Record extracts:
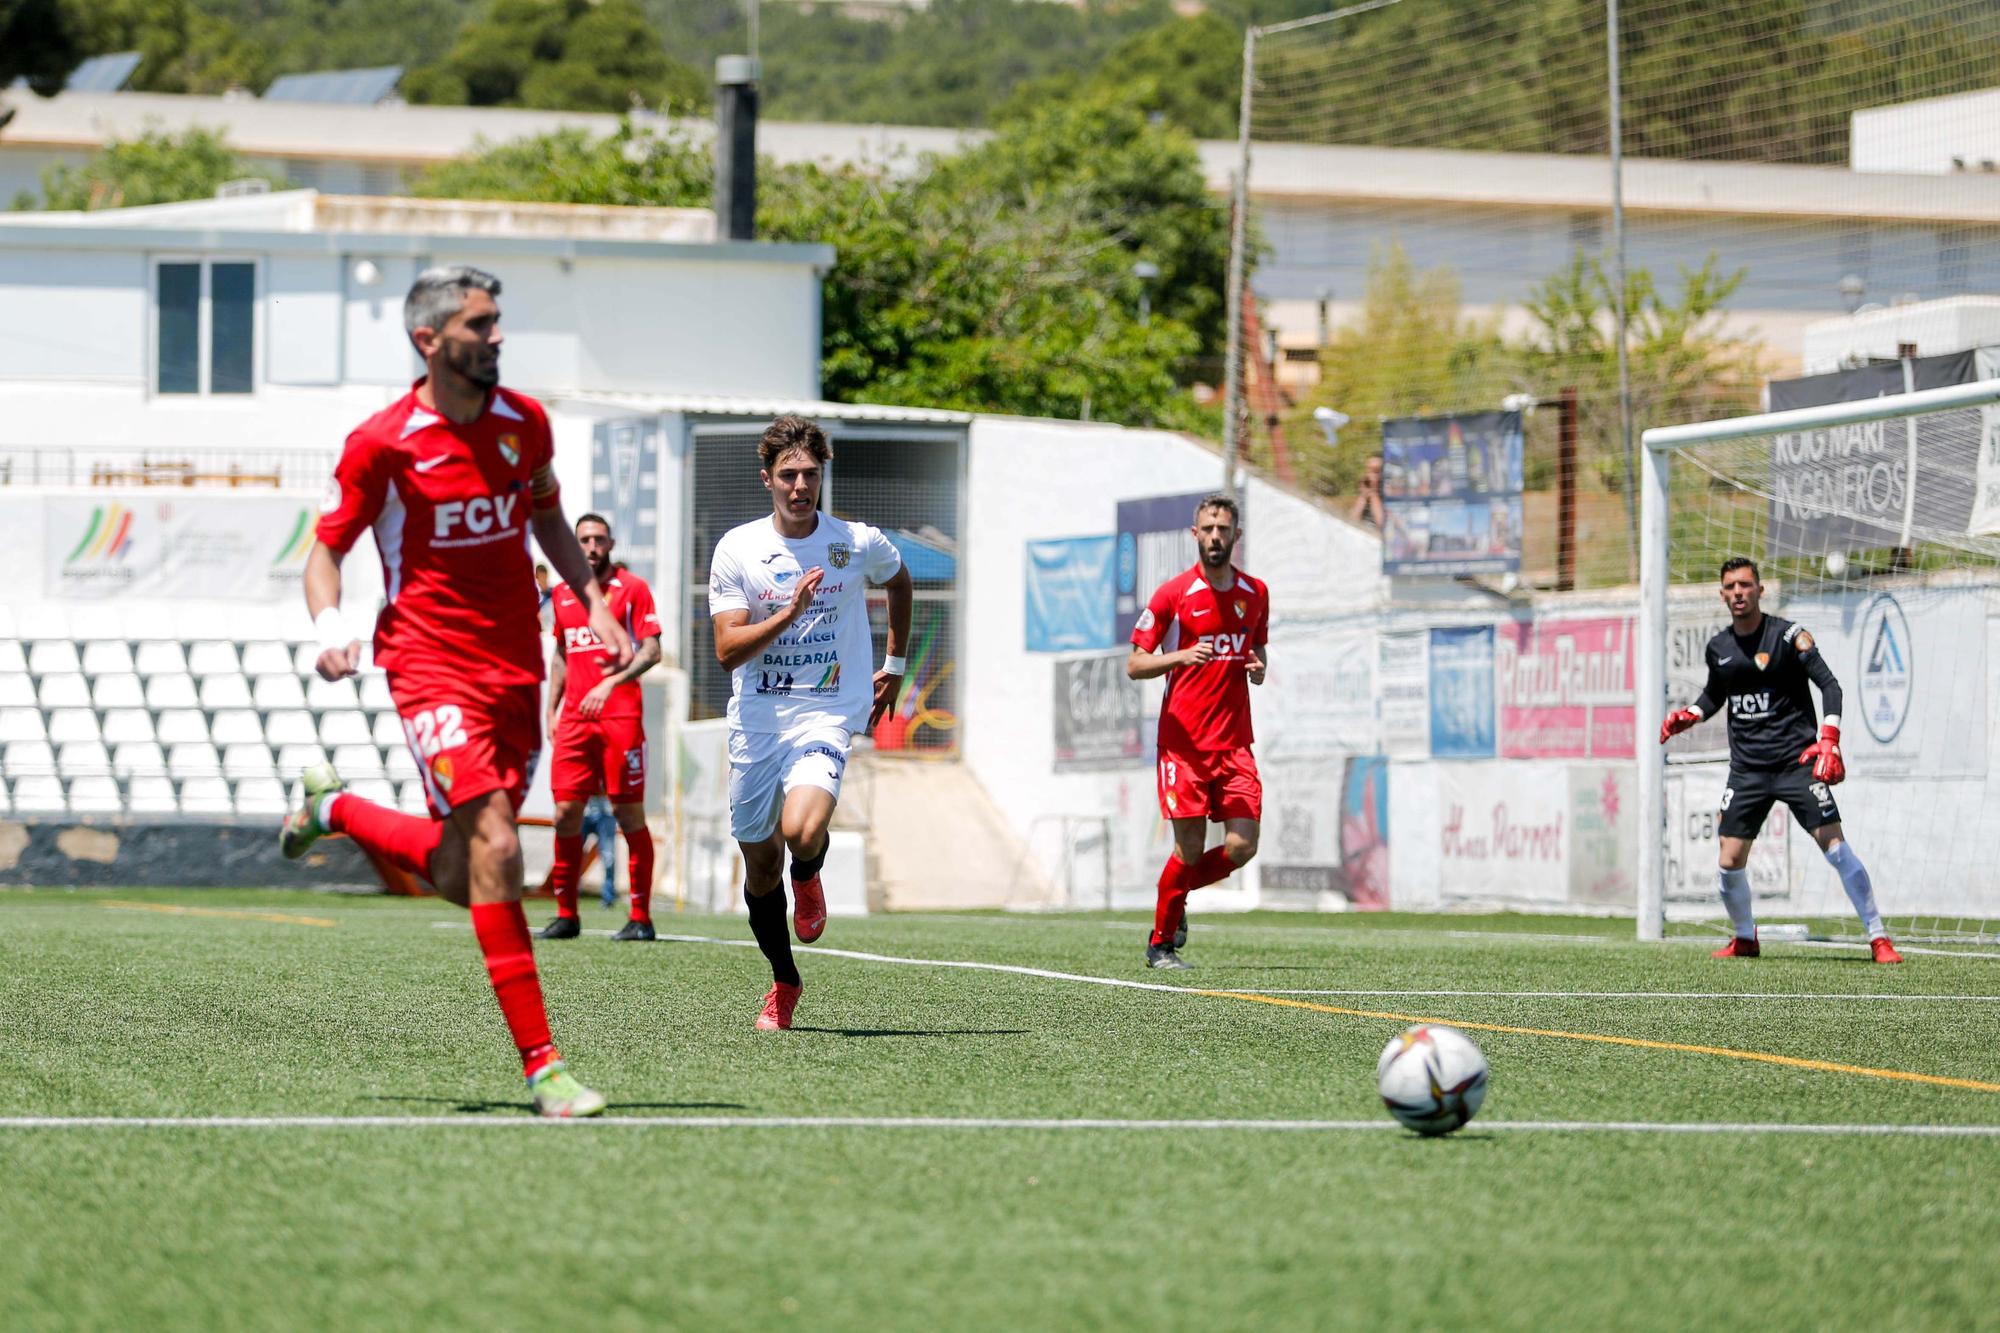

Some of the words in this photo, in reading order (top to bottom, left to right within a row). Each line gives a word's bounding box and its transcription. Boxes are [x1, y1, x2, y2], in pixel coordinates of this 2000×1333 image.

[434, 493, 517, 537] FCV
[772, 632, 836, 645] nfinitel
[1730, 692, 1771, 714] FCV
[413, 704, 468, 758] 22
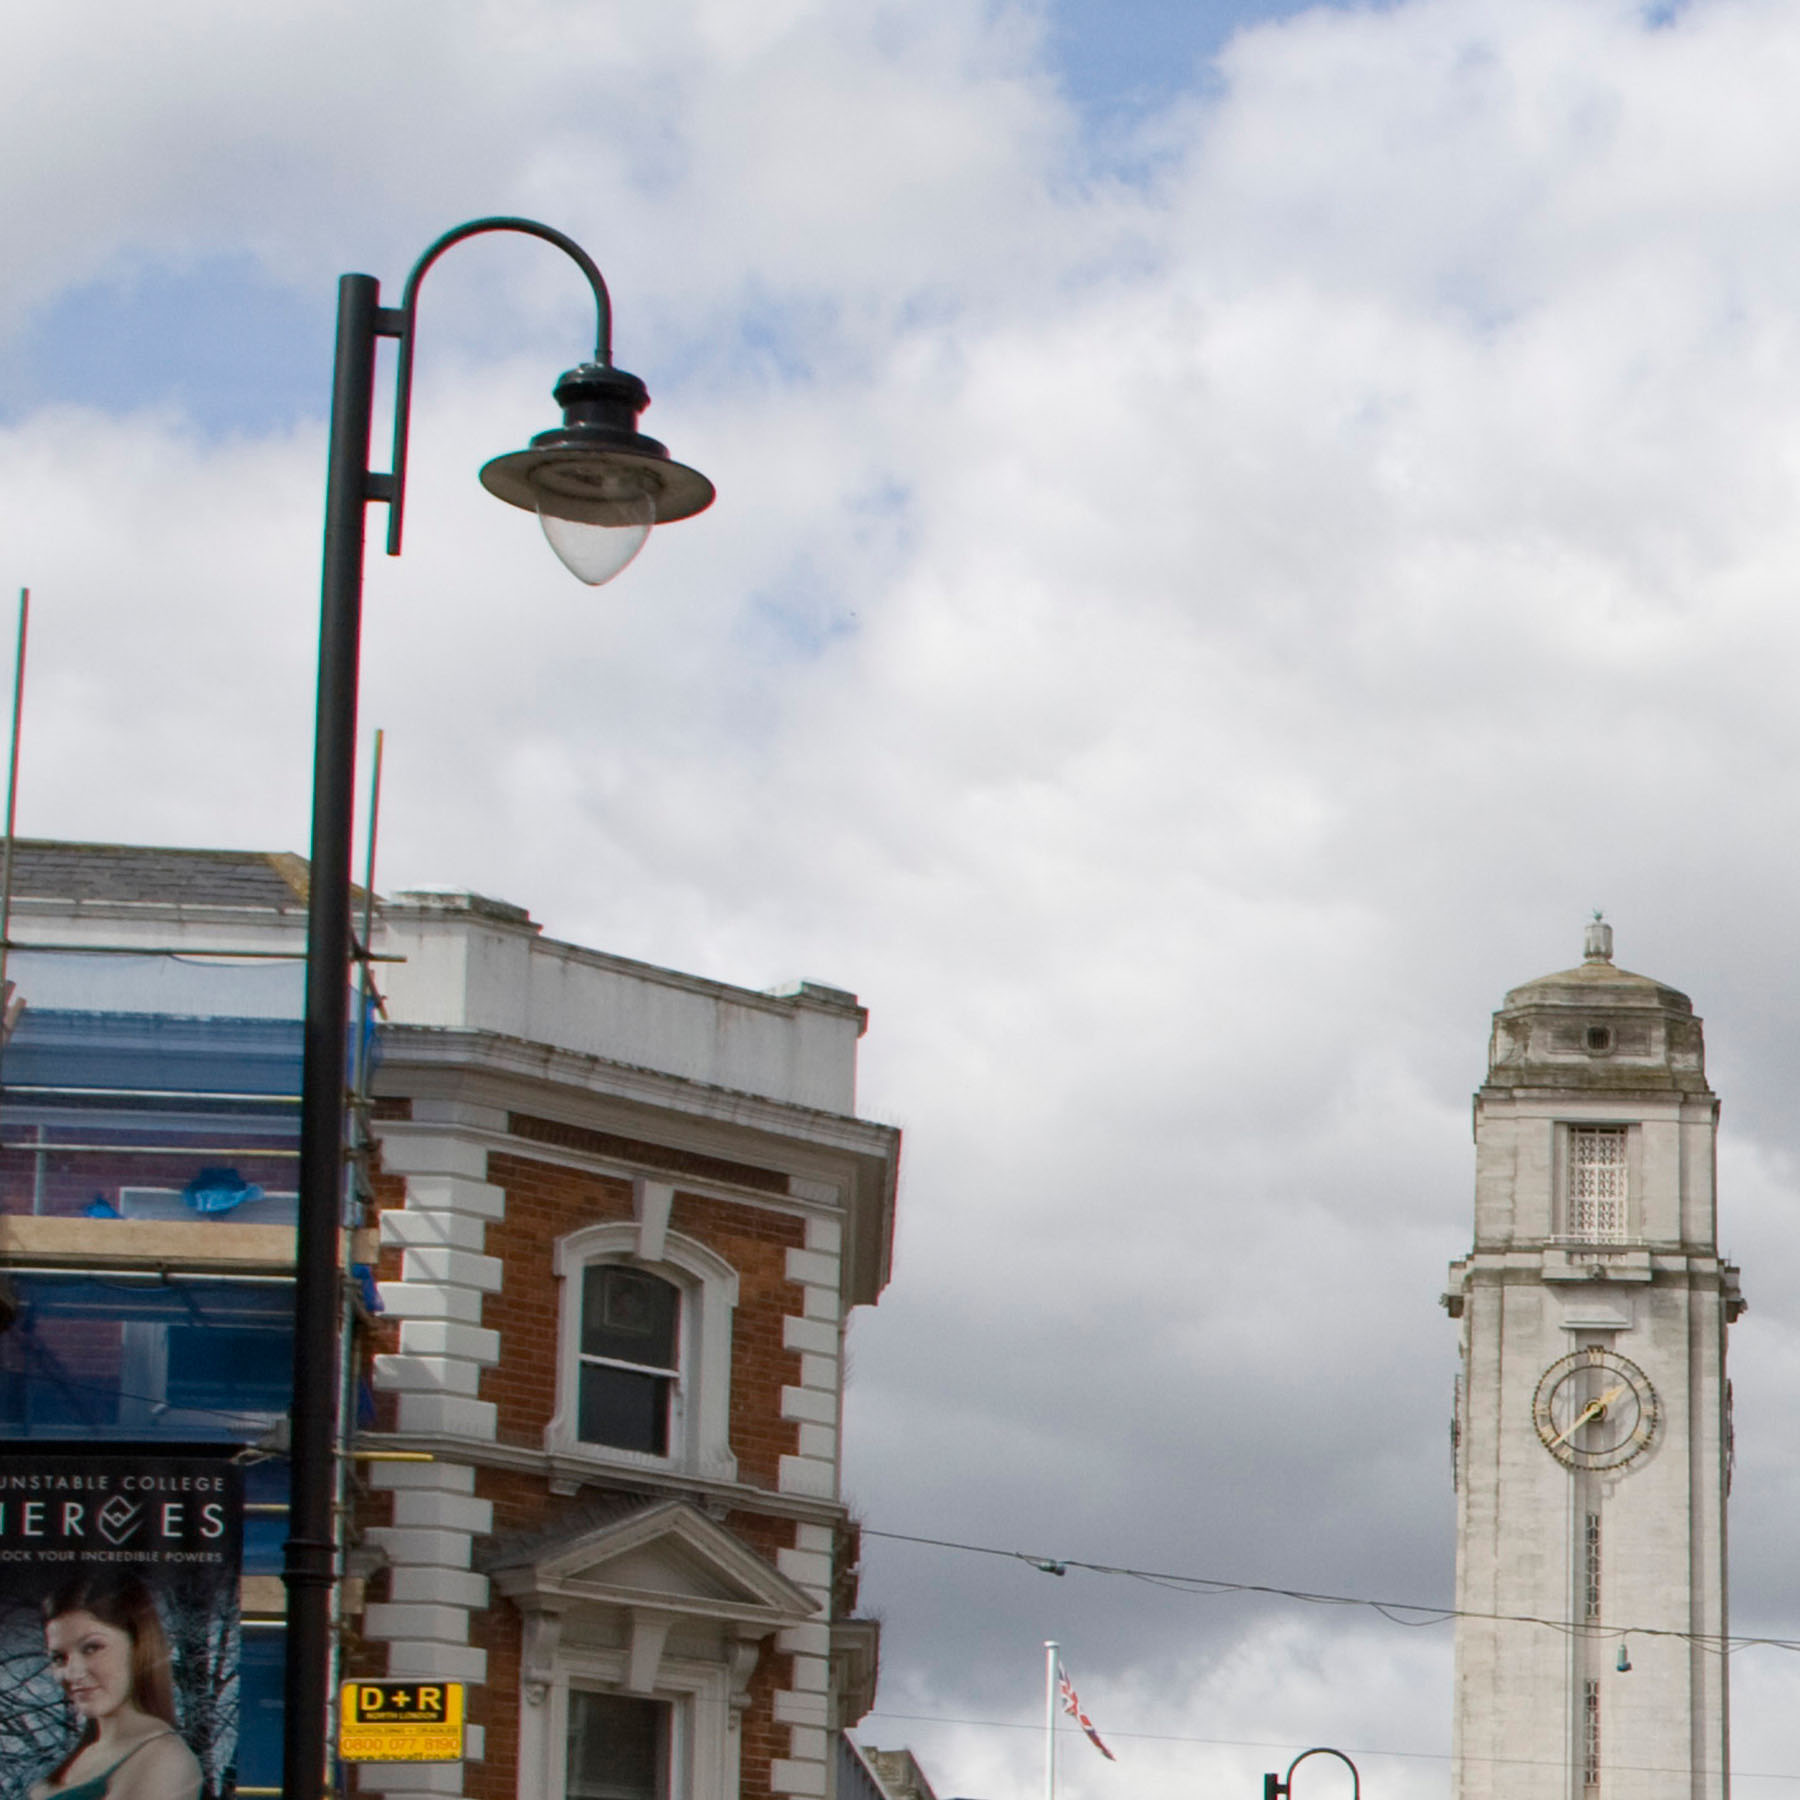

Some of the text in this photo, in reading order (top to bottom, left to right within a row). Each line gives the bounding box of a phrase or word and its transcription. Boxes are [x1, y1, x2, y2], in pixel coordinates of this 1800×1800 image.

Instructions to follow:
Word for word, print all of the data; skip the pictures.

Answer space:
Some of the words in this photo, in reading order (top to bottom, left to right within a row). Each line gives a word's bounding box and its transcription. Boxes are [x1, y1, x2, y2], in pixel coordinates of this 2000×1333 image.

[434, 493, 517, 537] FCV
[772, 632, 836, 645] nfinitel
[1730, 692, 1771, 714] FCV
[413, 704, 468, 758] 22

Some of the text in this photo, in reading order (top to bottom, left to right within a row). Each line gives the bounding box of a phrase or word and its transcription. Boxes are [x1, y1, x2, y2], in pixel coordinates of this 1800×1800 image.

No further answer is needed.